* **Dataset records**

____

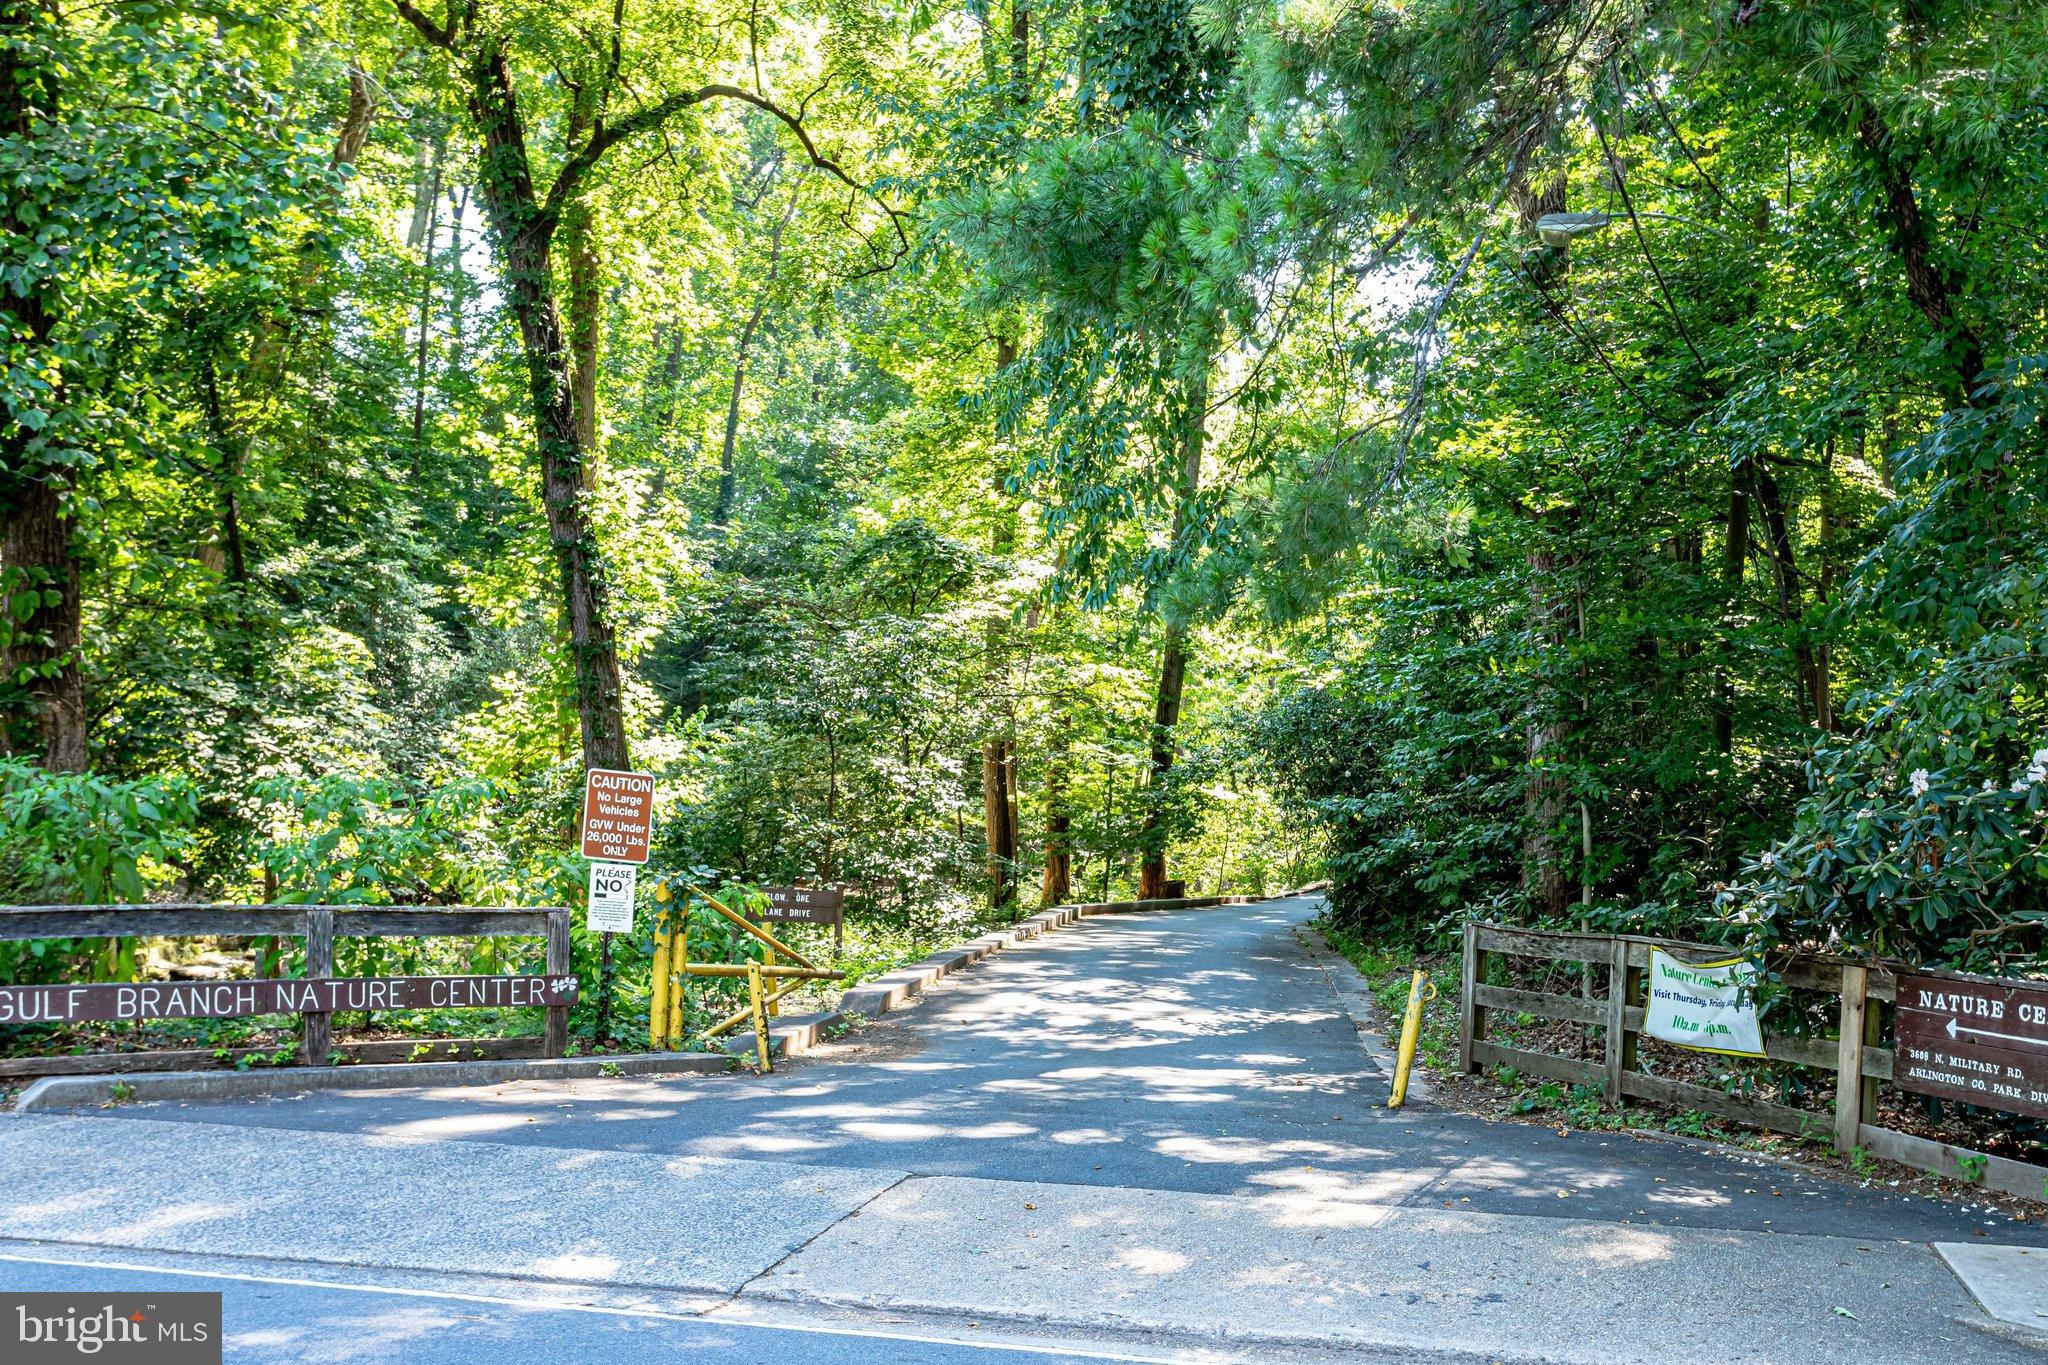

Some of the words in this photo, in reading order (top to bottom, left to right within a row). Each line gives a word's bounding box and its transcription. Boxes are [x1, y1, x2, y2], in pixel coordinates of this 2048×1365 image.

[591, 774, 651, 792] CAUTION
[597, 791, 611, 802] No
[615, 793, 643, 806] Large
[599, 803, 639, 817] Vehicles
[589, 819, 613, 830] GVW
[617, 821, 646, 833] Under
[586, 831, 622, 843] 26,000
[625, 835, 646, 846] Lbs.
[602, 844, 628, 857] ONLY
[595, 868, 632, 879] PLEASE
[596, 879, 623, 892] NO
[796, 894, 810, 903] ONE
[764, 908, 783, 917] LANE
[789, 909, 811, 918] DRIVE
[1660, 963, 1692, 983] Nature
[0, 989, 88, 1021] GULF
[117, 985, 255, 1018] BRANCH
[276, 980, 406, 1010] NATURE
[430, 978, 546, 1006] CENTER
[1654, 988, 1671, 1000] Visit
[1673, 992, 1707, 1008] Thursday,
[1919, 990, 2004, 1019] NATURE
[2018, 1003, 2048, 1025] CE
[1934, 1053, 1944, 1065] N.
[1949, 1056, 2000, 1075] MILITARY
[1909, 1066, 1965, 1086] ARLINGTON
[1971, 1079, 1987, 1091] CO.
[1992, 1083, 2022, 1099] PARK
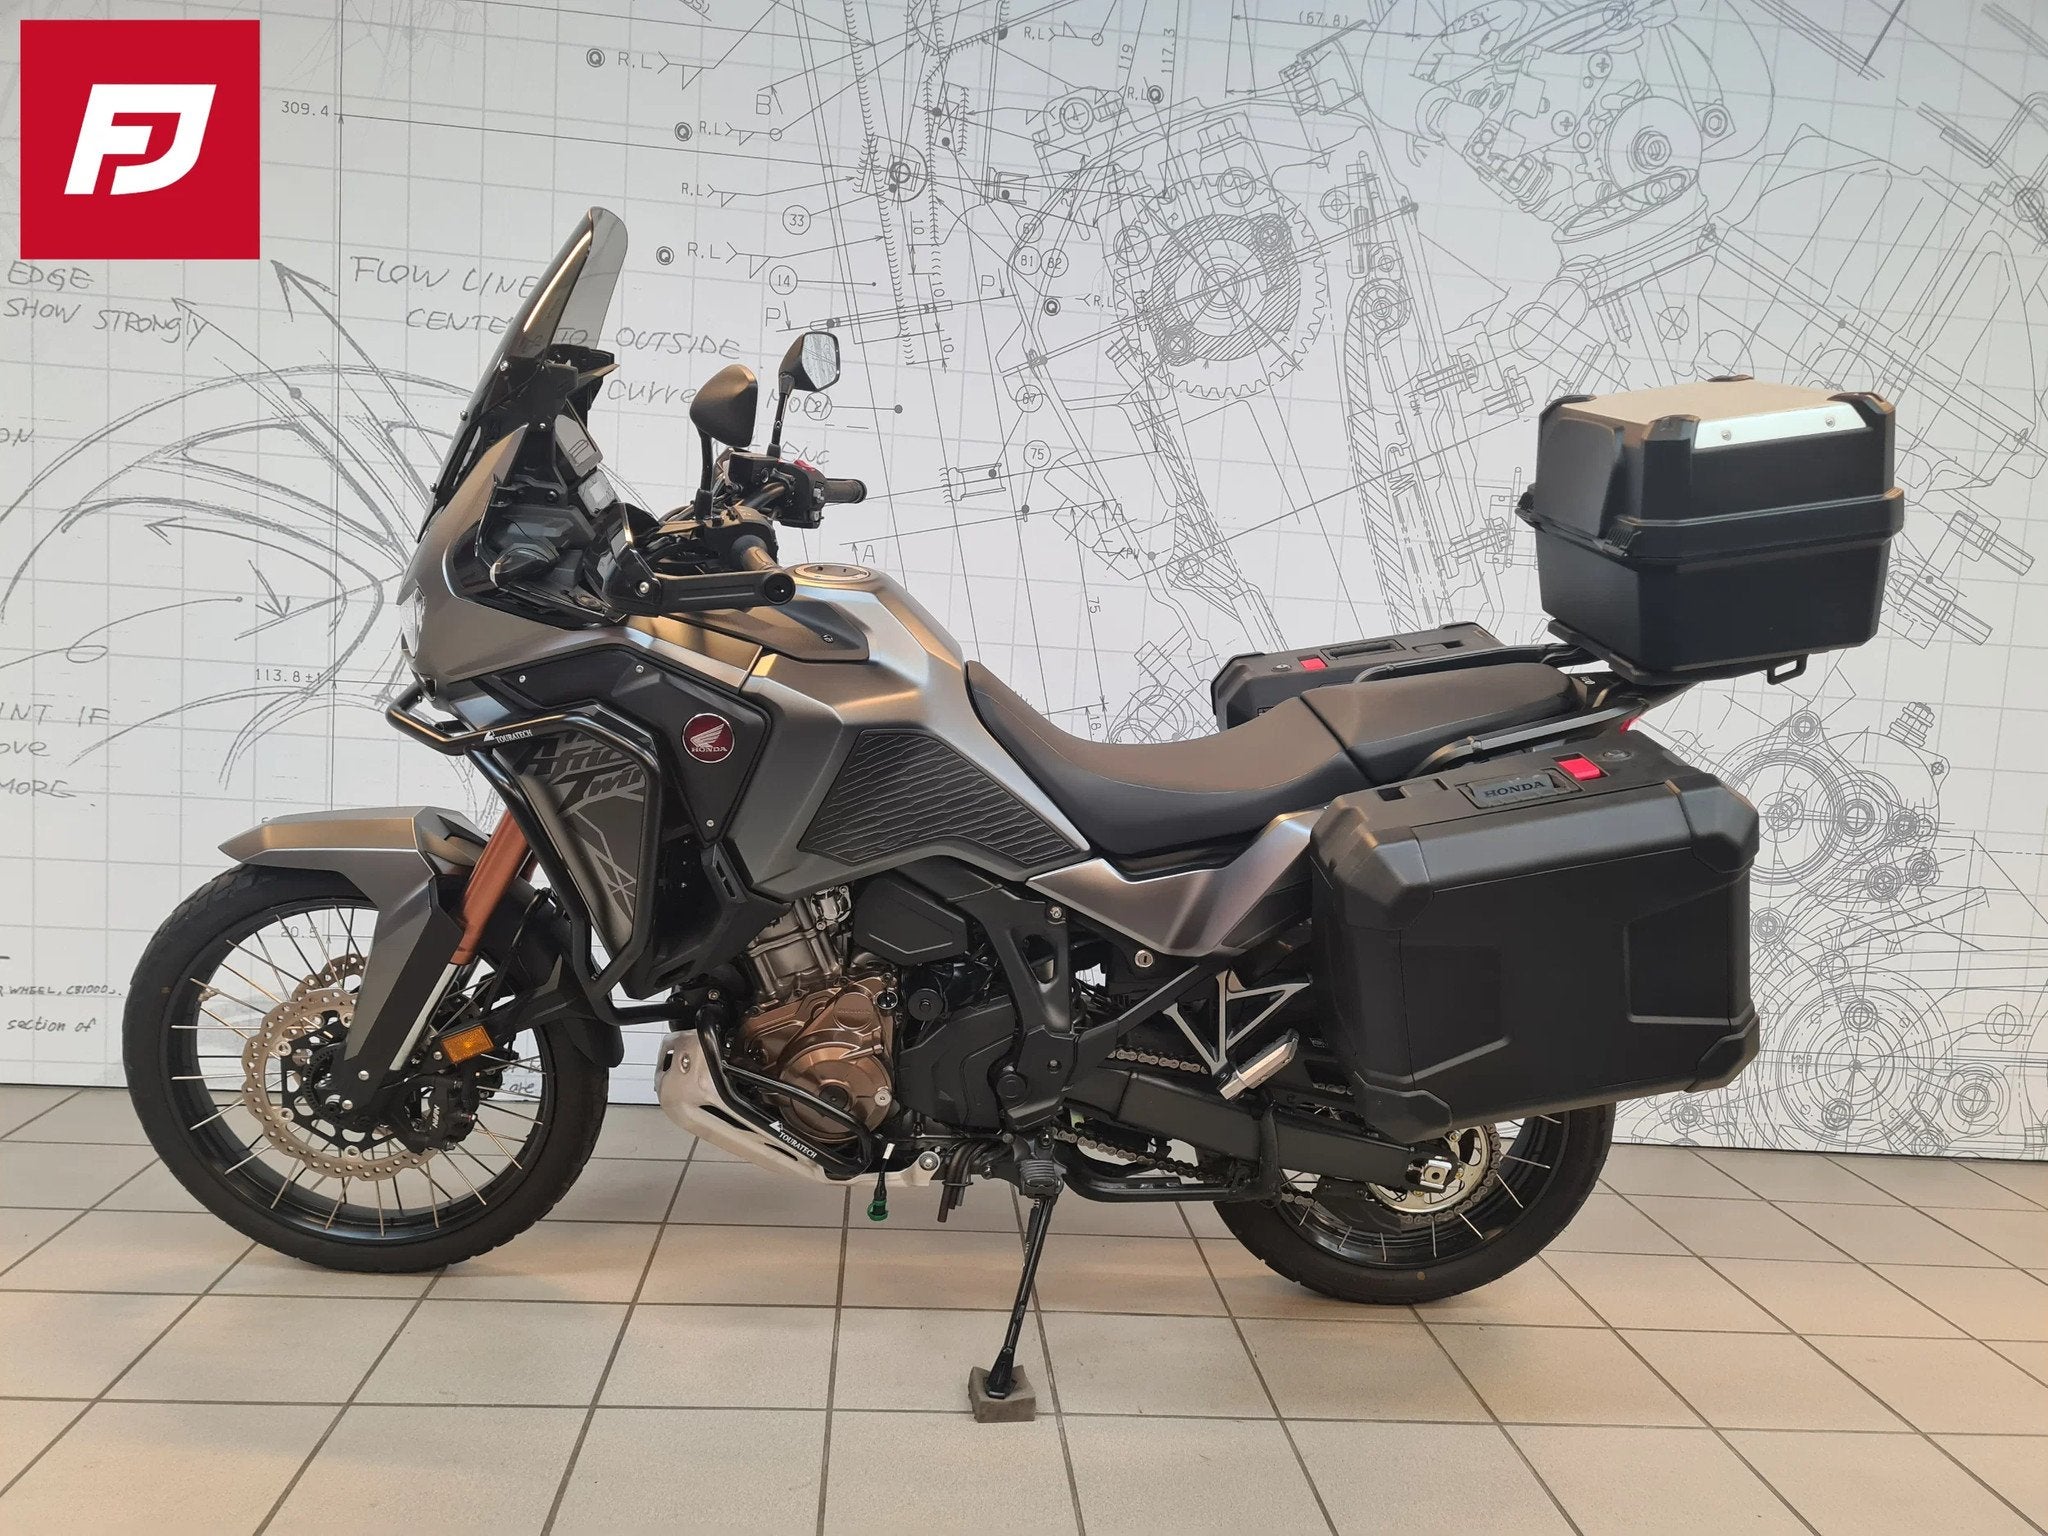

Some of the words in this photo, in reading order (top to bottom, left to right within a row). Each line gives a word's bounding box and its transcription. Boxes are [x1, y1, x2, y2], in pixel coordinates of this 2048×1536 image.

[281, 100, 329, 117] 309.4
[755, 93, 772, 116] B
[789, 213, 805, 228] 33
[1020, 254, 1034, 268] 81
[1047, 257, 1063, 270] 82
[8, 261, 95, 292] EDGE
[350, 255, 450, 289] FLOW
[777, 273, 791, 288] 14
[981, 274, 996, 295] P
[3, 297, 82, 324] SHOW
[765, 307, 782, 327] P
[615, 326, 741, 360] OUTSIDE
[1030, 447, 1045, 461] 75
[862, 544, 876, 564] A
[1088, 596, 1101, 615] 75
[495, 729, 534, 744] TOURATECH
[1484, 781, 1546, 797] HONDA
[7, 1016, 66, 1032] section
[74, 1017, 97, 1032] of
[778, 1130, 818, 1159] TOURATECH
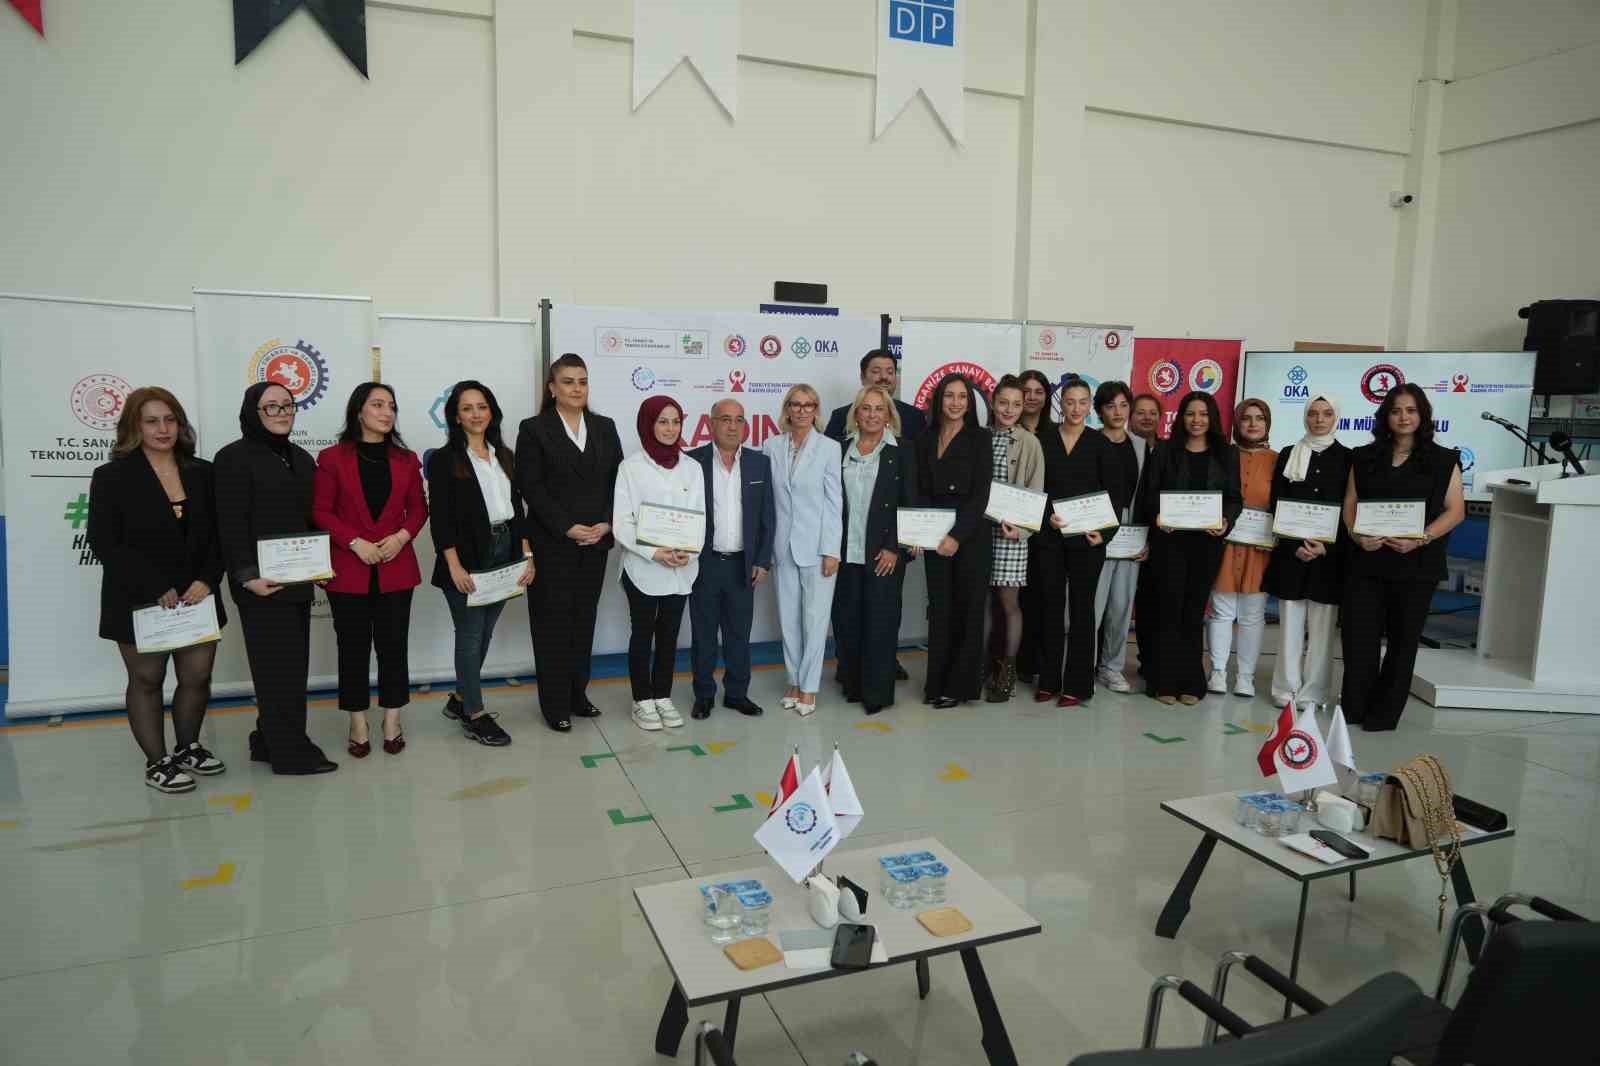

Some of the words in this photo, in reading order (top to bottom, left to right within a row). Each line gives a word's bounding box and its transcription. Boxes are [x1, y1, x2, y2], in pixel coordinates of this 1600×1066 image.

[815, 340, 839, 353] OKA
[1284, 385, 1310, 398] OKA
[56, 438, 80, 447] T.C.
[30, 450, 104, 462] TEKNOLOJİ

____

* **Exercise goal**
Output every entry exactly as given; pictures are not part of the copy.

* **Completed exercise**
Some of the words in this photo, in reading order (top to bottom, left to right within a row). Each line gives a word's bounding box and its transcription. Boxes are [x1, y1, x2, y2], in pixel coordinates of this 2048×1365 image.

[591, 774, 651, 792] CAUTION
[597, 791, 611, 802] No
[615, 793, 643, 806] Large
[599, 803, 639, 817] Vehicles
[589, 819, 613, 830] GVW
[617, 821, 646, 833] Under
[586, 831, 622, 843] 26,000
[625, 835, 646, 846] Lbs.
[602, 844, 628, 857] ONLY
[595, 868, 632, 879] PLEASE
[596, 879, 623, 892] NO
[796, 894, 810, 903] ONE
[764, 908, 783, 917] LANE
[789, 909, 811, 918] DRIVE
[1660, 963, 1692, 983] Nature
[0, 989, 88, 1021] GULF
[117, 985, 255, 1018] BRANCH
[276, 980, 406, 1010] NATURE
[430, 978, 546, 1006] CENTER
[1654, 988, 1671, 1000] Visit
[1673, 992, 1707, 1008] Thursday,
[1919, 990, 2004, 1019] NATURE
[2018, 1003, 2048, 1025] CE
[1934, 1053, 1944, 1065] N.
[1949, 1056, 2000, 1075] MILITARY
[1909, 1066, 1965, 1086] ARLINGTON
[1971, 1079, 1987, 1091] CO.
[1992, 1083, 2022, 1099] PARK

Some of the words in this photo, in reading order (top to bottom, left to right within a row). Each line gives a word's bounding box and its transcription. Boxes are [x1, y1, x2, y2], in pixel coordinates of this 2048×1536 image.

[281, 100, 329, 117] 309.4
[755, 93, 772, 116] B
[789, 213, 805, 228] 33
[1020, 254, 1034, 268] 81
[1047, 257, 1063, 270] 82
[8, 261, 95, 292] EDGE
[350, 255, 450, 289] FLOW
[777, 273, 791, 288] 14
[981, 274, 996, 295] P
[3, 297, 82, 324] SHOW
[765, 307, 782, 327] P
[615, 326, 741, 360] OUTSIDE
[1030, 447, 1045, 461] 75
[862, 544, 876, 564] A
[1088, 596, 1101, 615] 75
[495, 729, 534, 744] TOURATECH
[1484, 781, 1546, 797] HONDA
[7, 1016, 66, 1032] section
[74, 1017, 97, 1032] of
[778, 1130, 818, 1159] TOURATECH

Some of the words in this photo, in reading order (top to bottom, left to right within a row). Each line gives a word's bounding box and its transcription. Boxes are [x1, y1, x2, y2], in pixel coordinates of this 1600×1066 image.

[815, 340, 839, 353] OKA
[1284, 385, 1310, 398] OKA
[56, 438, 80, 447] T.C.
[30, 450, 104, 462] TEKNOLOJİ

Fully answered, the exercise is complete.